Bakteri gram negative (E.colli, S.thypi, N.meningitidis ,N. gonorhoe,
B.melitensis dll) mengandung endotoxin, kompleks phospholipids polisakarida
makromolekul (lipopolisakarida (LPS) sebagai bagian terpenting dari envelope sel
bakteri (liat bag 180). Endotoxin, tidak seperti exotoxin yang dilepas hanya saat
pemecahan sel bakteri. Toxixitasnya muncul saat berhubungan dengan fraksi lipid,
dimana antigen determinan terletak pada komponen polisakarida. Sekarang banyak
diketahui mekanisme oleh LPS yang menggunakan efek biologisnya pada saat infeksi
sistemik saat bakteri gram negative atau infeksi local mayor yang mungkin juga dapat
menyebabkab sindrom sepsis. Keduanya pengaruh dari toxin dan imunologis. Dua
citokin yang paling penting dari efek toxin dan pro inflamatorik dari LPS dihasilkan
oleh LPS yang diaktivasi makrofag: Tumor nekrosis faktor(TNF) dan IL-1. TNF
memulai proinflamatori sitokin cascade. TNF yang teraktifasi oleh system koagulasi
berpengaruh pada endotel pembuluh darah dan menurunkan tekanan darah dan perfusi
jaringan dengan mengurangi kontraktilitas miokard dan merelaksasi otot polos.

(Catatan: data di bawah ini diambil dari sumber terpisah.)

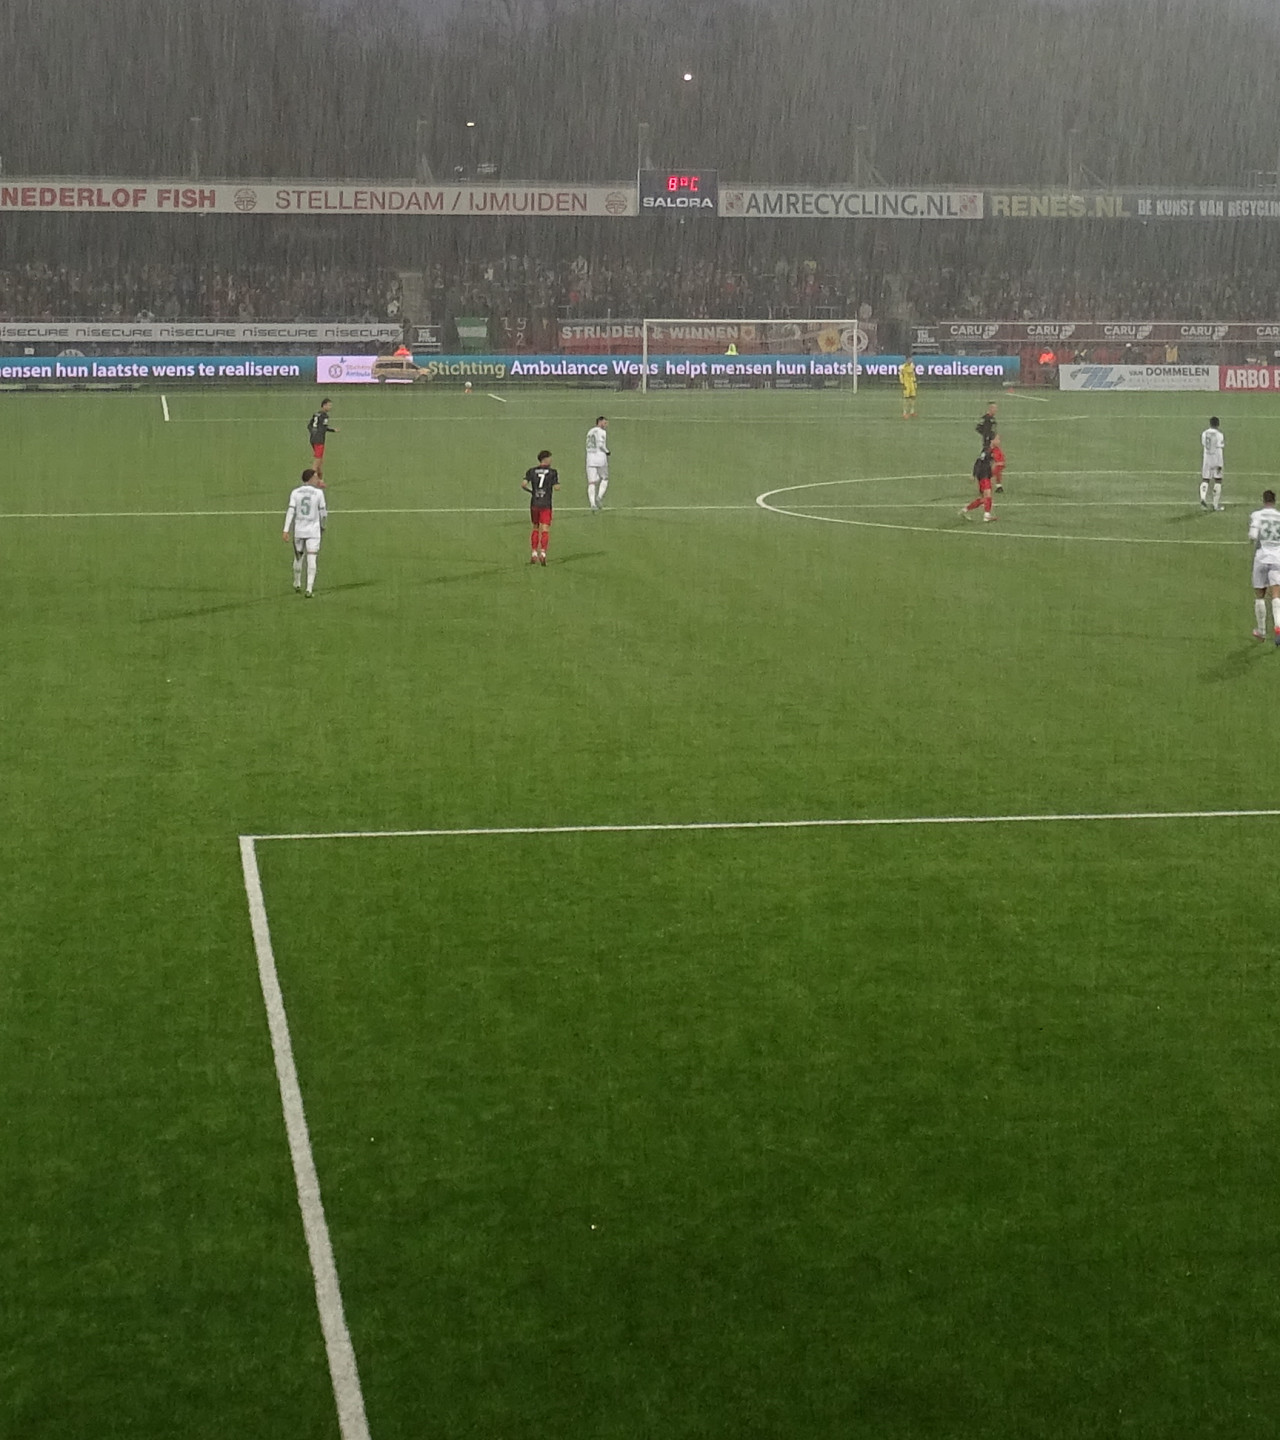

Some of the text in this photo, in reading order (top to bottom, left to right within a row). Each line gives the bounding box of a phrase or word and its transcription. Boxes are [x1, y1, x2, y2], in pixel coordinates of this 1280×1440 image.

Tingginya kadar TNF pada sirkulasi darah terjadi pada pasien meningokoksemia dan
bentuk lain sepsis yang berat. Masuknya TNF murni dengan konsentrasi tinggi dapat
menyebabkan syok dan kematian. Kemampuan LPS melalui produksi TNF dengan
menginduksi perlekatan leukosit pada endothelium kapiler dan merangsang
deposisi/penumpukan fibrin yang telah diusulkan sebagai dasar perkembangan lesi
kulit yang hemoragis dan nekrosis (dengan atau tanpa invasi bakteri langsung) yang
kadang terjadi selama bakteriemi oleh bakteri gram negative dan terutama pada
meningokoksemia. Purpura fulminan terjadi pada 10-20 % kasus yang menandai
sepsis meningokokus dan pada kasus berat yang berkembang thrombosis pembuluh
darah besar yang berhubungan dengan infark.(lihat Bab 145&180).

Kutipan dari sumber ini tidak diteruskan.